The circumstances in which the offending occurred are as follows. On a day between January 2000 and 11 July 2001 the respondent went to the local primary school to collect his ten-year-old twin daughters as well as the complainant, his niece, who was seven years old. Not long after they arrived at his flat, the respondent ran a bath for his daughters to allow them to cool down. The complainant had asked to join her cousins, but the respondent did not permit her to do so, saying that her mother would disapprove. Instead, he told her that she could watch television. He then shut the bathroom door and went to the complainant, who was watching television, moved her so that she was standing in front of him, pulled down her pants and underwear and touched her on her vagina and anal region. Moments later, the complainant entered the bathroom in a distressed and tearful state and, although she did not tell her cousins what had occurred, she said that she wanted to go home.
The circumstances in which the complaint was made to the police are not clear, but the respondent was interviewed by the police in January 2002, during the course of which he denied any wrongdoing. He was not charged at the time and soon thereafter left for Turkey. It appears that it was not until July 2002 that a charge was laid in respect of the above incident which alleged the following offences: sexual penetration of a child under ten years, rape, and indecent act with a child under 16 years. Thus, when he returned from Turkey in September 2002, he was arrested at the airport and was remanded for 20 days before being released on bail on the condition, inter alia, that he have no contact with his daughters, who were then potential Crown witnesses. Moreover, not long after the respondent was charged, the children’s mother obtained (but apparently did not “take out”) an intervention order against him which effectively prohibited him from having access to them. In the circumstances, the respondent has not seen his daughters since early 2002 and, given that he has pleaded guilty to the offence in question, it can be assumed that he will encounter some difficulties in resuming access to them at least in the immediate future.

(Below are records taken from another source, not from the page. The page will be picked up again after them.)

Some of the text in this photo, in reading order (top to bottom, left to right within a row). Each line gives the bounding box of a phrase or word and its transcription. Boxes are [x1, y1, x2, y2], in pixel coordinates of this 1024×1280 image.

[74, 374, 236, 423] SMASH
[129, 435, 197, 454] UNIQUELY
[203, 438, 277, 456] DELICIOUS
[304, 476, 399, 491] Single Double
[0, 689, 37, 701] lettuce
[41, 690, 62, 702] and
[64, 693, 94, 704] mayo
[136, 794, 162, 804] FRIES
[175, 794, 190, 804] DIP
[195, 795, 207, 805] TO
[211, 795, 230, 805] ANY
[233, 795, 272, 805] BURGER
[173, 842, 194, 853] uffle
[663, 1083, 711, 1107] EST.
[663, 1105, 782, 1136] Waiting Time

At the committal hearings, penetration was not established and, therefore, the respondent was presented on the sole count which is the subject of the proceeding to which, as I have said, he pleaded guilty.

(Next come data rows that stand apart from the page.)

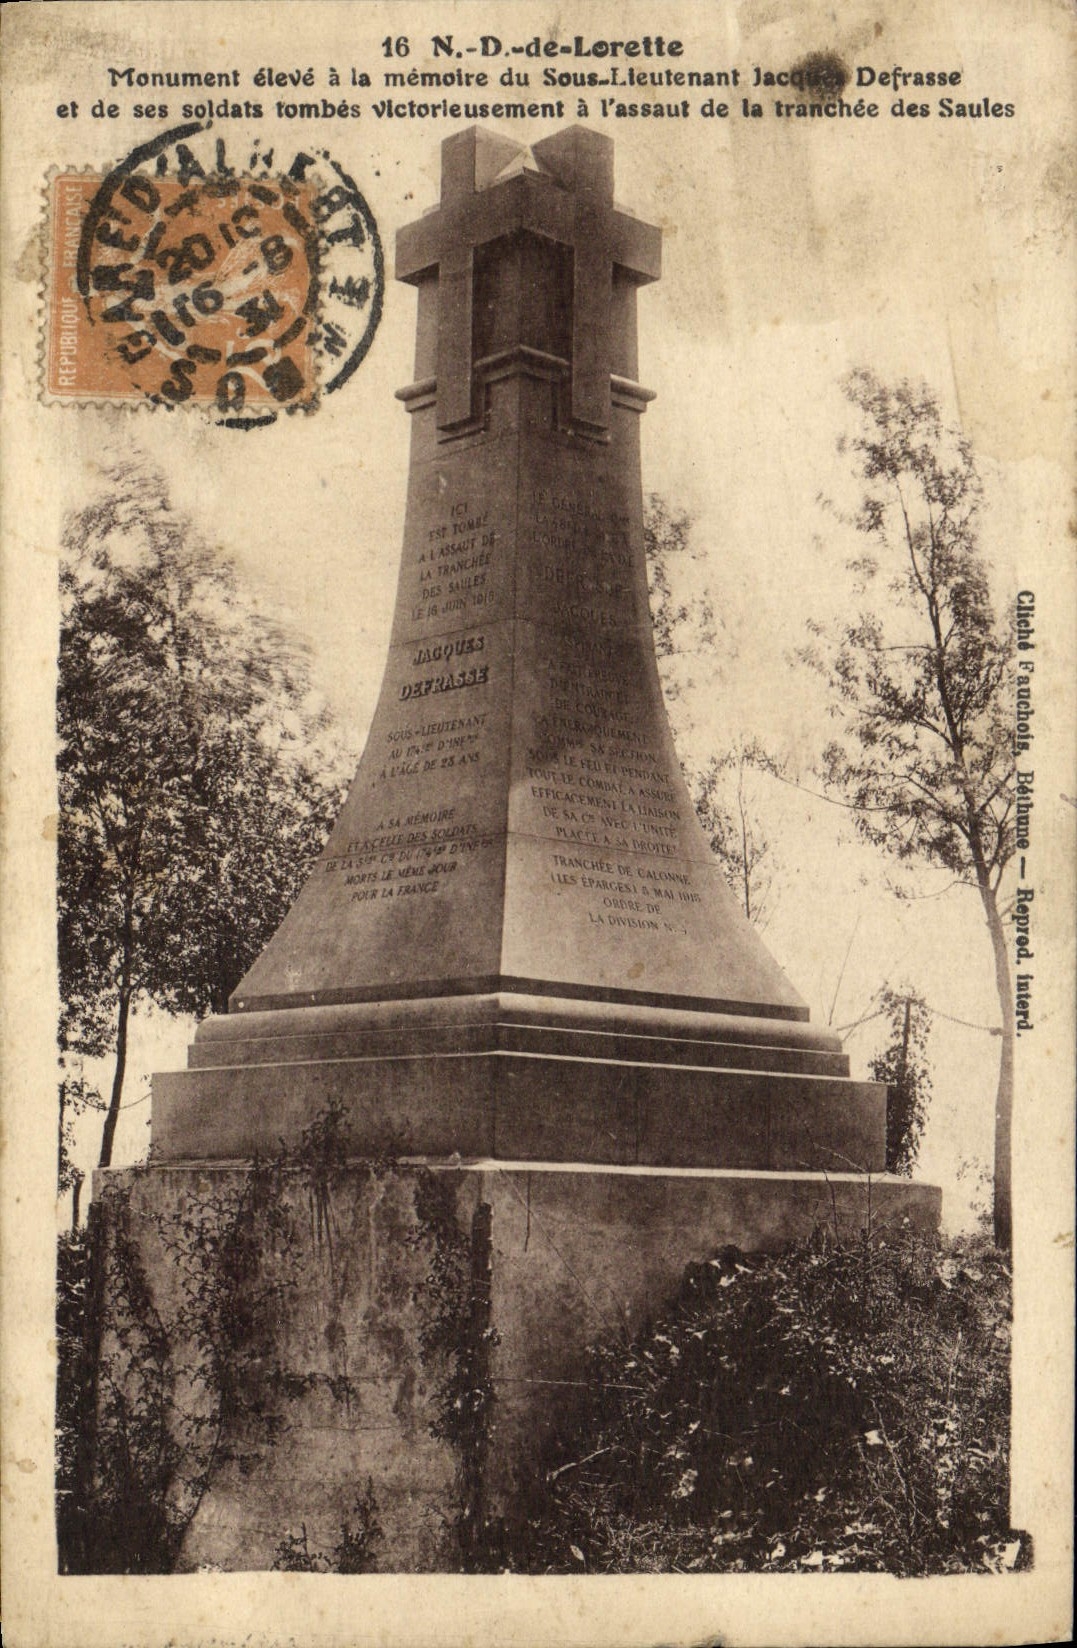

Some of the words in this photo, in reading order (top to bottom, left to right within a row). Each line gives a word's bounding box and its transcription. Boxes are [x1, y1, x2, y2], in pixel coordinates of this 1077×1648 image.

[58, 296, 81, 387] REPUBLIQUE
[451, 503, 468, 517] ICI
[429, 526, 448, 541] EST
[452, 511, 489, 536] TOMBÉ
[482, 530, 496, 547] DE
[420, 569, 432, 582] LA
[438, 549, 493, 578] TRANCHÉE
[422, 584, 443, 600] DES
[448, 572, 488, 594] SAULES
[411, 607, 424, 622] LE
[441, 598, 468, 614] JUIN
[412, 636, 486, 666] JACQUES
[398, 664, 490, 701] DEFRASSE
[386, 713, 488, 744] SOUS-LIEUTENANT
[389, 748, 403, 761] AU
[423, 758, 437, 773] DE
[458, 751, 481, 766] ANS
[589, 742, 606, 756] SA
[608, 746, 658, 764] SECTION
[526, 766, 559, 785] TOUT
[561, 772, 575, 786] LE
[563, 754, 578, 768] LE
[580, 758, 602, 772] FEU
[603, 763, 618, 776] ET
[620, 765, 670, 786] PENDANT
[530, 785, 618, 811] EFFICACEMENT
[621, 803, 637, 815] LA
[638, 804, 681, 822] LIAISON
[387, 817, 401, 829] SA
[404, 807, 457, 827] MÉMOIRE
[542, 804, 558, 819] DE
[562, 809, 579, 823] SA
[600, 816, 630, 830] AVEC
[632, 821, 678, 840] L'UNITÉ
[368, 832, 404, 851] CELLE
[406, 832, 428, 845] DES
[430, 823, 479, 842] SOLDATS
[603, 835, 612, 846] A
[615, 838, 630, 850] SA
[325, 861, 337, 873] DE
[340, 859, 353, 872] LA
[398, 850, 414, 863] DU
[551, 854, 615, 875] TRANCHÉE
[616, 864, 634, 877] DE
[343, 871, 378, 888] MORTS
[381, 869, 394, 882] LE
[397, 863, 426, 879] MÊME
[427, 860, 459, 877] JOUR
[350, 888, 379, 903] POUR
[381, 886, 394, 899] LA
[397, 880, 441, 897] FRANCE
[653, 887, 675, 900] MAI
[602, 896, 645, 913] ORDRE
[645, 903, 662, 916] DE
[588, 911, 605, 926] LA
[607, 914, 660, 931] DIVISION

The respondent’s background and the context in which he came to have charge of the children were as follows. The respondent was born in Turkey on 25 October 1961 and, at the time of the offending, was 38 or 39 years of age. He completed eleven years of school after which he went to work in a restaurant. Later, after he finished compulsory military training, he assisted his father in the various businesses he operated, including a café, bakery, milk bar and a wholesale business. In 1983 he married a woman who was born in Turkey but who had lived in Australia since 1974. Not long thereafter, the couple came to Australia where he worked hard to provide for his family, often 12 hours per day, first as a metal finisher and then as a private taxi driver. By 1994 he acquired his own vehicle and licence which cost $150,000 – a sum he borrowed and has since repaid. In 1990 the respondent and his wife had twin girls and it seems that he became quite involved in family life and the Turkish community in Melbourne, principally through his wife’s family which has been in Australia for a considerably longer period than the respondent. In 1996, however, the respondent separated from his wife. The separation was amicable – he gave her $20,000 in cash, transferred his right in the taxi licence to her and effectively gave her the house in which they had been living. Upon being charged the respondent had his taxi driver’s licence suspended. In 1998 the respondent and his wife were divorced. He moved interstate after the separation, but before long he returned to Melbourne and, while he did not cohabit with his wife, he resumed a relationship with her until he left for Turkey during 2001. Throughout the period of their relationship the respondent frequently looked after the children in order to assist their mother. Thus, it was not uncommon for him to collect his daughters from school (while she worked as an interpreter) and take them home to change for their karate classes or to take them out to a restaurant for an early meal before driving them to their home. Often the complainant would accompany them. It was in that context that the respondent had charge of the three young girls on the occasion in question.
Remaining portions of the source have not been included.